**MATERIAL FOR THIS EXERCISE:**
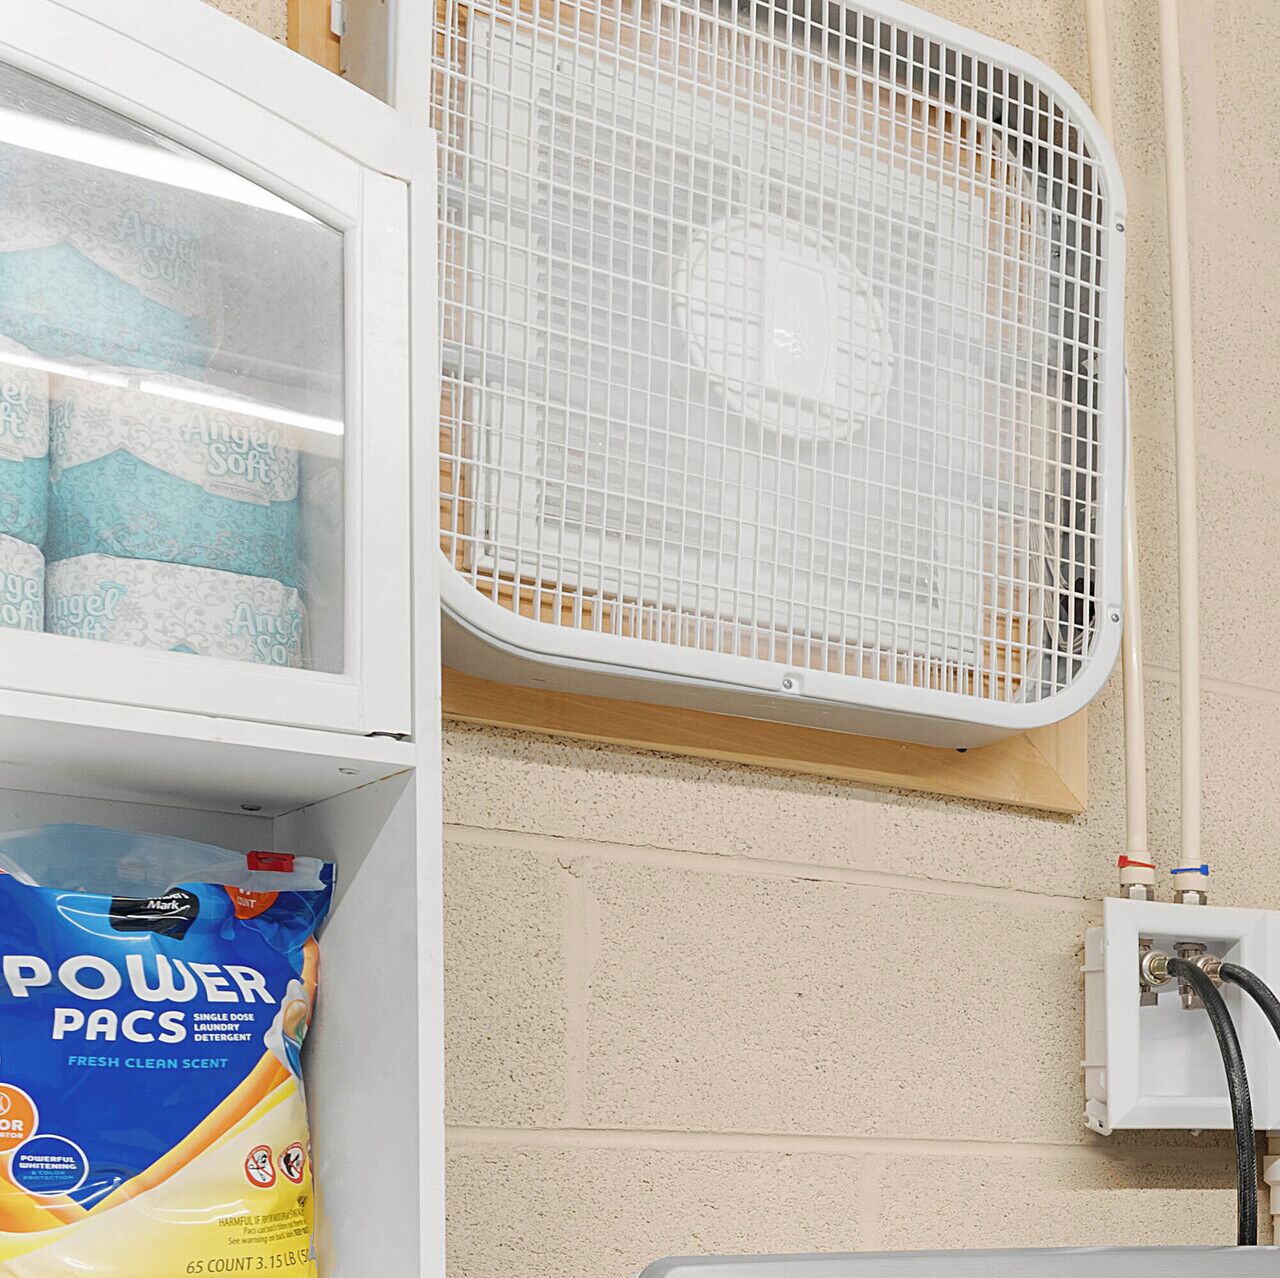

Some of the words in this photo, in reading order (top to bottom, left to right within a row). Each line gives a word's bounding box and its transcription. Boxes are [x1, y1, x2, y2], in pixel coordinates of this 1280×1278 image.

[180, 410, 278, 460] Angel
[207, 442, 271, 484] Soft
[147, 900, 179, 910] Mark
[3, 954, 276, 1004] POWER
[193, 1013, 229, 1022] SINGLE
[230, 1013, 255, 1022] DOSE
[52, 1007, 187, 1043] PACS
[194, 1023, 240, 1032] LAUNDRY
[194, 1033, 252, 1042] DETERGENT
[68, 1055, 120, 1067] FRESH
[124, 1057, 180, 1069] CLEAN
[182, 1058, 228, 1069] SCENT
[20, 1155, 76, 1163] POWERFUL
[19, 1162, 77, 1170] WHITENING
[218, 1216, 254, 1227] HARMFUL
[228, 1237, 240, 1246] See
[186, 1260, 204, 1274] 65
[207, 1256, 253, 1273] COUNT
[256, 1254, 282, 1270] 3.15
[285, 1251, 296, 1267] LB

**TASK TO COMPLETE:**
All the data above is to be transcribed exactly, with no pictures included.

**TASK SOLUTION:**
Some of the words in this photo, in reading order (top to bottom, left to right within a row). Each line gives a word's bounding box and its transcription. Boxes are [x1, y1, x2, y2], in pixel coordinates of this 1280×1278 image.

[180, 410, 278, 460] Angel
[207, 442, 271, 484] Soft
[147, 900, 179, 910] Mark
[3, 954, 276, 1004] POWER
[193, 1013, 229, 1022] SINGLE
[230, 1013, 255, 1022] DOSE
[52, 1007, 187, 1043] PACS
[194, 1023, 240, 1032] LAUNDRY
[194, 1033, 252, 1042] DETERGENT
[68, 1055, 120, 1067] FRESH
[124, 1057, 180, 1069] CLEAN
[182, 1058, 228, 1069] SCENT
[20, 1155, 76, 1163] POWERFUL
[19, 1162, 77, 1170] WHITENING
[218, 1216, 254, 1227] HARMFUL
[228, 1237, 240, 1246] See
[186, 1260, 204, 1274] 65
[207, 1256, 253, 1273] COUNT
[256, 1254, 282, 1270] 3.15
[285, 1251, 296, 1267] LB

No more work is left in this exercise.